Le dépareillé, ou l'art de l'accord majeur

Agathe VIEILLARD-BARON
31/3/2025
Le dépareillé, ou l'art de l'accord majeur

Le costume dépareillé - ou abito spezzato, en VO - est un des classiques de l’élégance contemporaine. Il séduit de nombreux adeptes, et ce, pour plusieurs raisons : 

  • il s’adapte à tous les moments de votre journée, de la réunion à 9h le lundi matin, au café entre amis, jusqu’au repas de famille ou au rendez-vous romantique. 
  • c’est un style plus facile à assumer et à s’approprier quand on débute dans le costume. 
  • c’est le moyen idéal de diversifier ses tenues possibles, sans se ruiner. Acheter des pièces qui pourront se porter autant en costume complet qu’en dépareillé est le gage d’un investissement sûr. 
  • le dépareillé vous permet de multiplier les nuances de l’élégance, notamment dans l’accessoirisation : bottines, mocassins, baskets, casquette, chapeau, foulard, cravates… on apprend à jouer de tout pour atteindre le résultat souhaité. 
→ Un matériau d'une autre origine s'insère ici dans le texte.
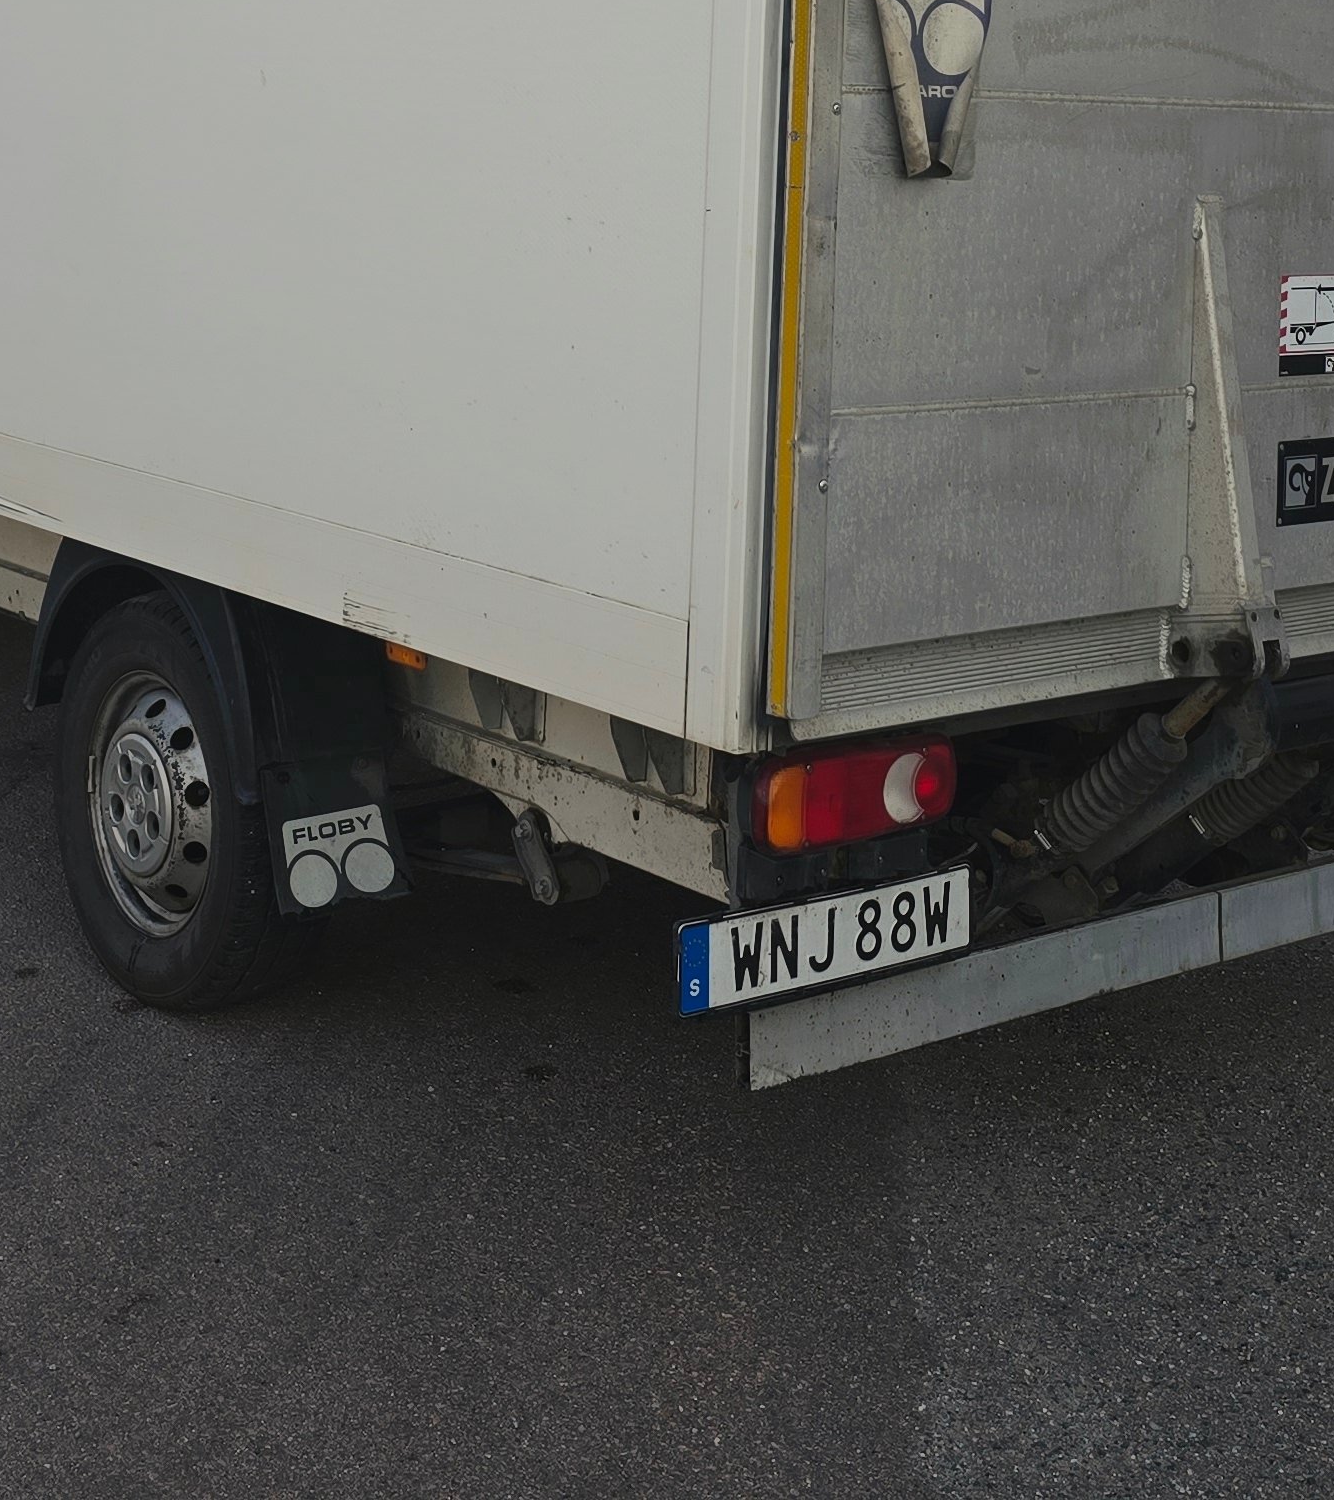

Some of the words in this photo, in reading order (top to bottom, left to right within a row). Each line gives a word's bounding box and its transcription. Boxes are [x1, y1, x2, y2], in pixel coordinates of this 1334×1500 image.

[292, 813, 372, 844] FLOBY
[730, 906, 835, 992] WNJ
[855, 880, 951, 961] 88W
[689, 978, 700, 997] S
Synonyme de polyvalence et d’une certaine décontraction, il serait cependant trompeur de croire que son port serait plus aisé que celui de son jumeau uniforme. C’est même le contraire : avec un costume complet, vous êtes (presque) certain de ne pas faire d’erreur - et si vous n’êtes pas sûr de vous, vous êtes, sur ce blog, au bon endroit. 

Le costume dépareillé s’apparente à l’improvisation musicale : c’est en maîtrisant quelques règles simples que l’on parvient à créer l’harmonie. Petit tour dans les accords et désaccords du dépareillé. 
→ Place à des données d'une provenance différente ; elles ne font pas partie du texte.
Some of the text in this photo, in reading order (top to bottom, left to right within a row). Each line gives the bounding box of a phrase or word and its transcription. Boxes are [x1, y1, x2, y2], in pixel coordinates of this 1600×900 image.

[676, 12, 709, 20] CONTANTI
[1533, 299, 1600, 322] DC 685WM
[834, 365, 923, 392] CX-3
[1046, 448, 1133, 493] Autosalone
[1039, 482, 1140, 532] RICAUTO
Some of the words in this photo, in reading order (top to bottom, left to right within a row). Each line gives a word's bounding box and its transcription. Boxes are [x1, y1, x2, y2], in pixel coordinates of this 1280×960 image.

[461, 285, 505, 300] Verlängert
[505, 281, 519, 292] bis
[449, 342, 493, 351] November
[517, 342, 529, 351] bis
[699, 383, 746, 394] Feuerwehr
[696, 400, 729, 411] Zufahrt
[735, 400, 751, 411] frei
Il s'agit tout d’abord de diagnostiquer avec un peu de précision les pièces de votre garde-robe : casual (décontracté en bon français), quotidien, formel, et très formel. Oui, vous pouvez, dans l’absolu, porter un beau denim avec une veste sur-mesure. Et oui, dans l’absolu, il n’est que peu de règles dont la transgression ne soit à la fois jouissive et créative - et même, parfois, réussie. 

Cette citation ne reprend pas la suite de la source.